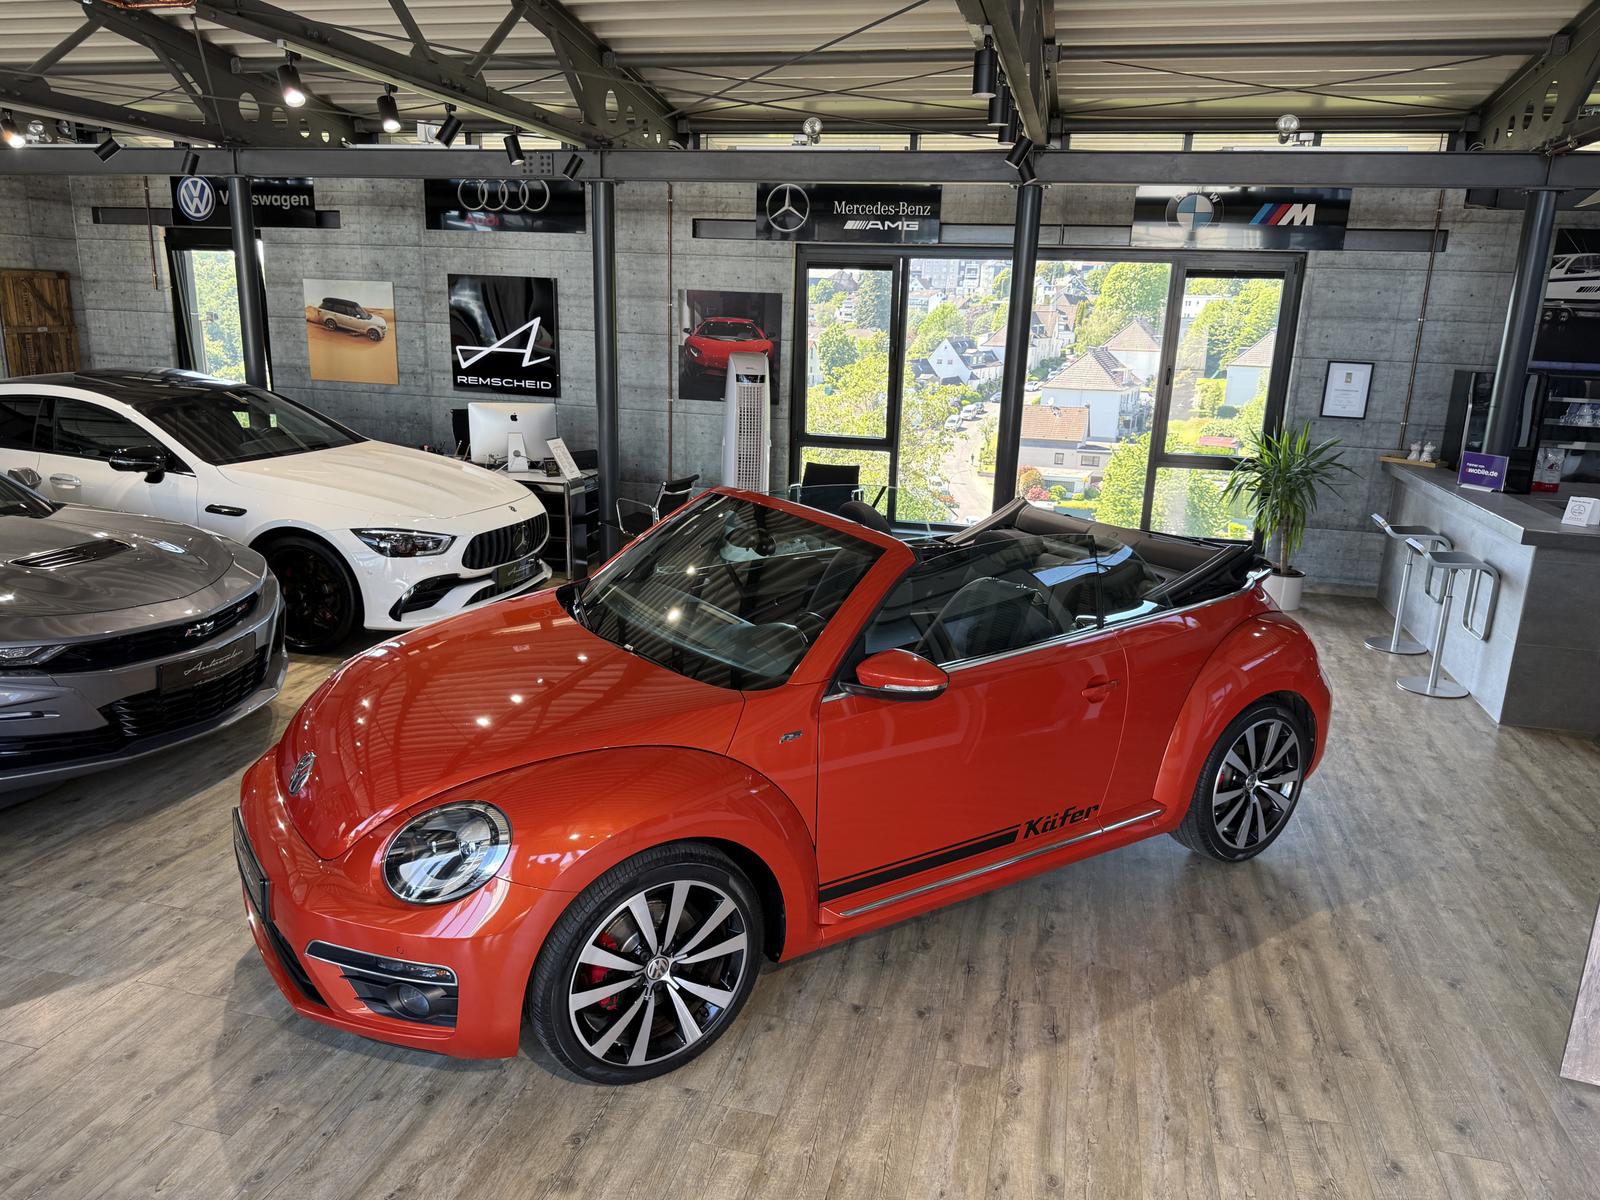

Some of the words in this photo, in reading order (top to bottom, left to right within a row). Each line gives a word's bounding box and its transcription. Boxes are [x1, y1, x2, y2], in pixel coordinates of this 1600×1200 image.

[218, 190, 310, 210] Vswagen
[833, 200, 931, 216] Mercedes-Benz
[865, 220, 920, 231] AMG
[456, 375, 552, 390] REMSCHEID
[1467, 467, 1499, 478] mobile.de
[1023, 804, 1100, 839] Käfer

────────────────────────────────────────

**Work to complete**
Pictures omitted, give the entries again exactly.

**Finished task**
Some of the words in this photo, in reading order (top to bottom, left to right within a row). Each line gives a word's bounding box and its transcription. Boxes are [x1, y1, x2, y2], in pixel coordinates of this 1600×1200 image.

[218, 190, 310, 210] Vswagen
[833, 200, 931, 216] Mercedes-Benz
[865, 220, 920, 231] AMG
[456, 375, 552, 390] REMSCHEID
[1467, 467, 1499, 478] mobile.de
[1023, 804, 1100, 839] Käfer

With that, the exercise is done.